• _Task prompt_
Can you transcribe every entry word for word, skipping the images?

━━━━━━━━━━

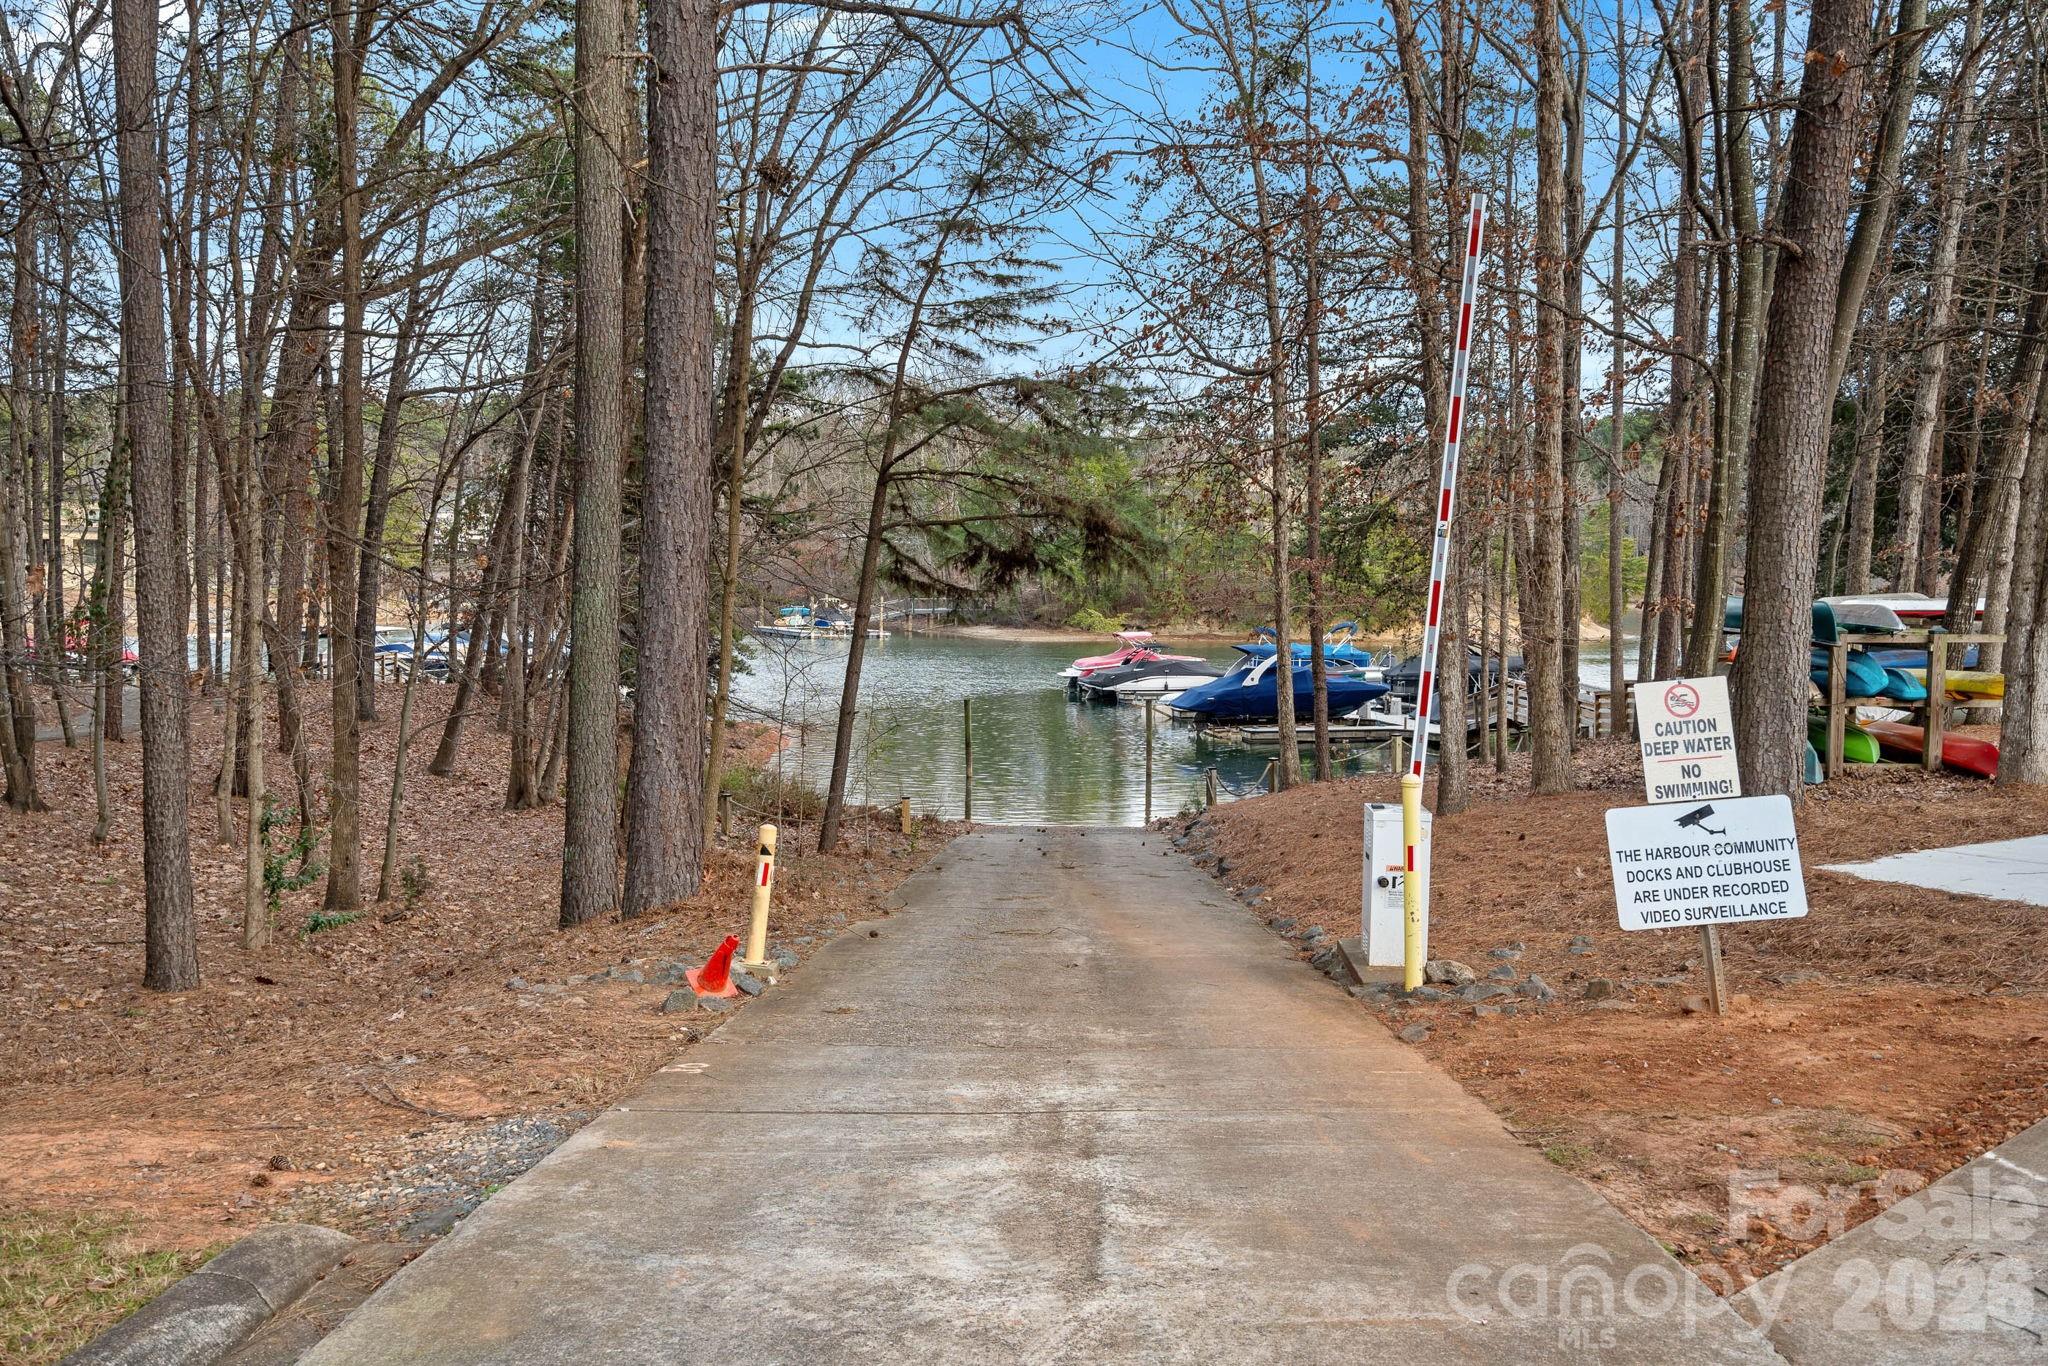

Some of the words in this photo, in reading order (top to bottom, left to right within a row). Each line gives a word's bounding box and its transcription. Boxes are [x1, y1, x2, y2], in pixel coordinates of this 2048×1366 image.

[1655, 718, 1717, 737] CAUTION
[1644, 741, 1679, 757] DEEP
[1683, 736, 1732, 754] WATER
[1681, 764, 1702, 779] NO
[1655, 780, 1733, 799] SWIMMING!
[1616, 849, 1642, 863] THE
[1645, 844, 1711, 862] HARBOUR
[1714, 838, 1795, 855] COMMUNITY
[1626, 868, 1672, 883] DOCKS
[1676, 866, 1702, 880] AND
[1706, 859, 1791, 877] CLUBHOUSE
[1634, 890, 1660, 904] ARE
[1664, 886, 1709, 901] UNDER
[1713, 880, 1789, 898] RECORDED
[1641, 909, 1681, 924] VIDEO
[1684, 901, 1788, 921] SURVEILLANCE
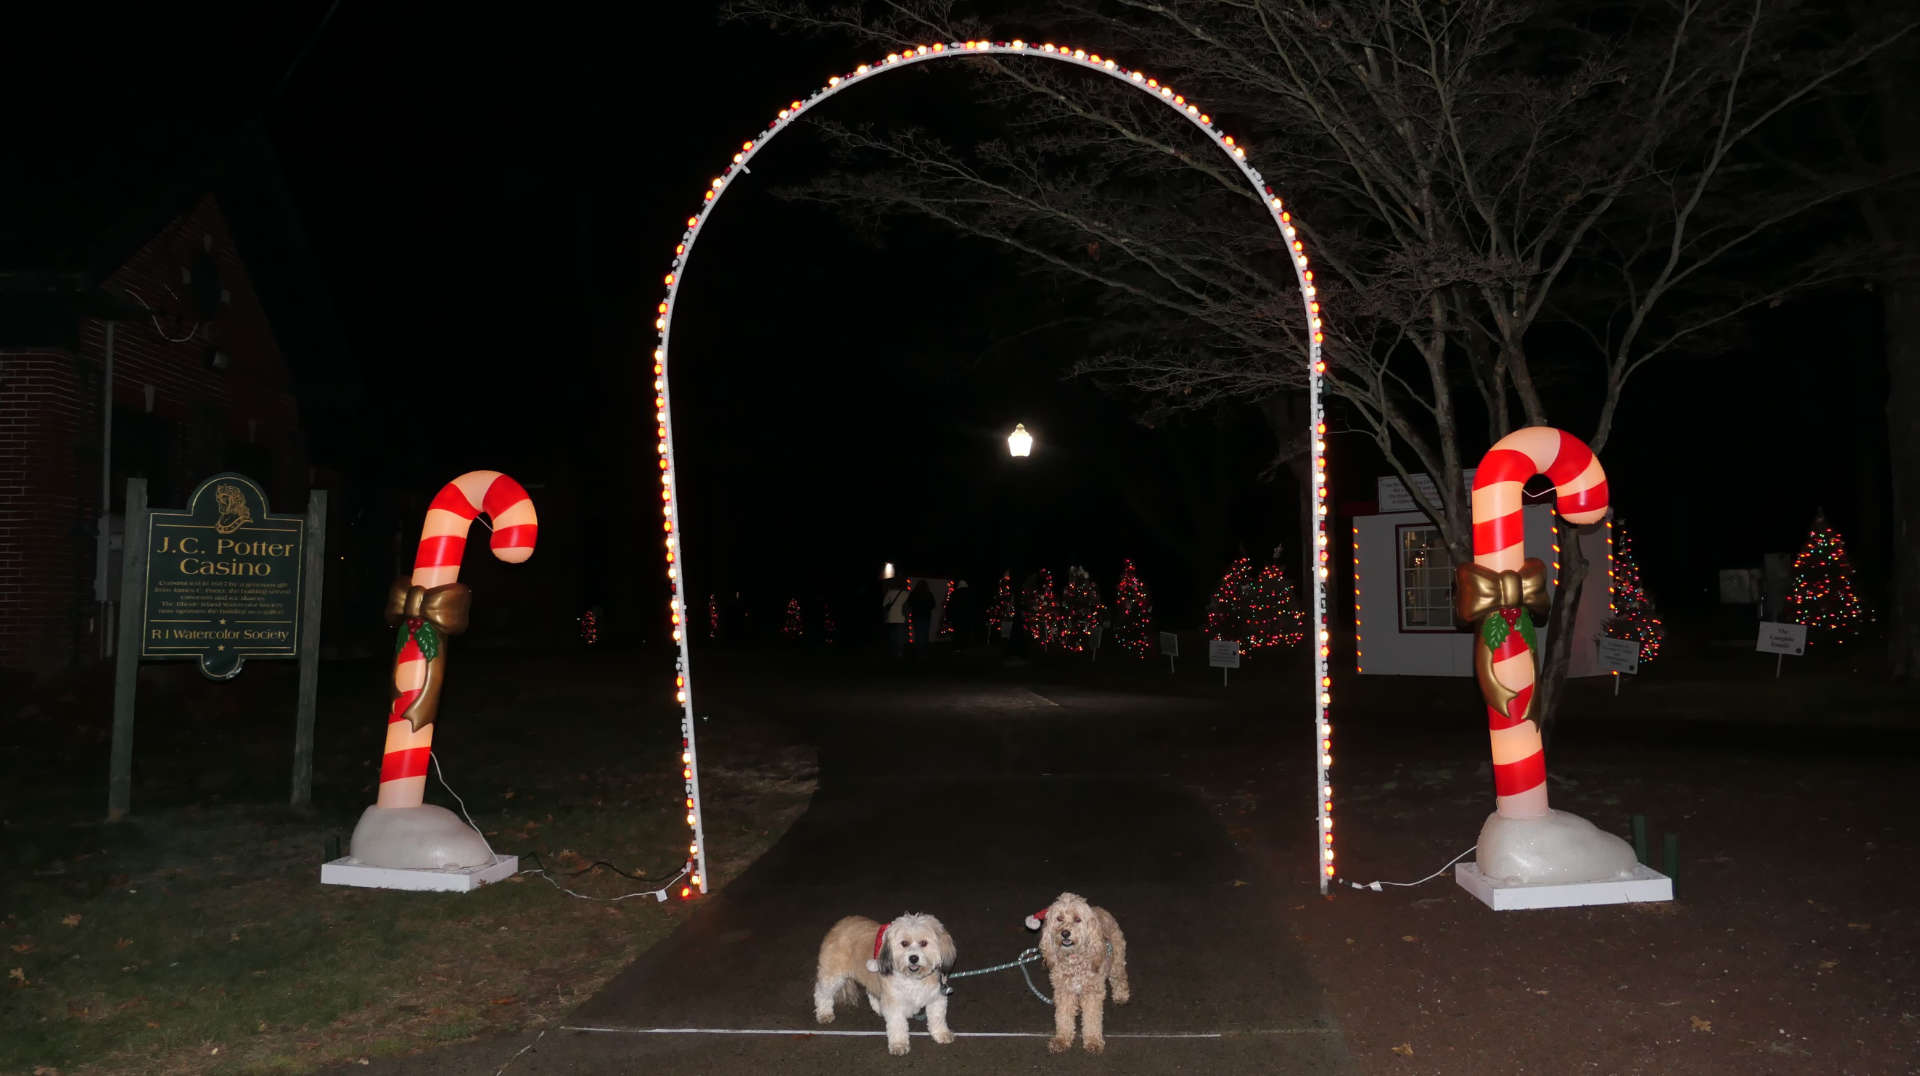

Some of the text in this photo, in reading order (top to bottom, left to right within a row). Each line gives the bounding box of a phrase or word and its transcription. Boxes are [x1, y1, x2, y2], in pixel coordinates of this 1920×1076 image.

[157, 536, 294, 557] J.C. Potter
[179, 557, 272, 576] Casino
[151, 629, 161, 639] R
[173, 629, 240, 640] Watercolor
[243, 629, 289, 641] Society

━━━━━━━━━━

• _Task solution_
Some of the words in this photo, in reading order (top to bottom, left to right within a row). Each line gives a word's bounding box and its transcription. Boxes are [x1, y1, x2, y2], in pixel coordinates of this 2048×1366 image.

[1655, 718, 1717, 737] CAUTION
[1644, 741, 1679, 757] DEEP
[1683, 736, 1732, 754] WATER
[1681, 764, 1702, 779] NO
[1655, 780, 1733, 799] SWIMMING!
[1616, 849, 1642, 863] THE
[1645, 844, 1711, 862] HARBOUR
[1714, 838, 1795, 855] COMMUNITY
[1626, 868, 1672, 883] DOCKS
[1676, 866, 1702, 880] AND
[1706, 859, 1791, 877] CLUBHOUSE
[1634, 890, 1660, 904] ARE
[1664, 886, 1709, 901] UNDER
[1713, 880, 1789, 898] RECORDED
[1641, 909, 1681, 924] VIDEO
[1684, 901, 1788, 921] SURVEILLANCE

Some of the text in this photo, in reading order (top to bottom, left to right within a row). Each line gives the bounding box of a phrase or word and its transcription. Boxes are [x1, y1, x2, y2], in pixel coordinates of this 1920×1076 image.

[157, 536, 294, 557] J.C. Potter
[179, 557, 272, 576] Casino
[151, 629, 161, 639] R
[173, 629, 240, 640] Watercolor
[243, 629, 289, 641] Society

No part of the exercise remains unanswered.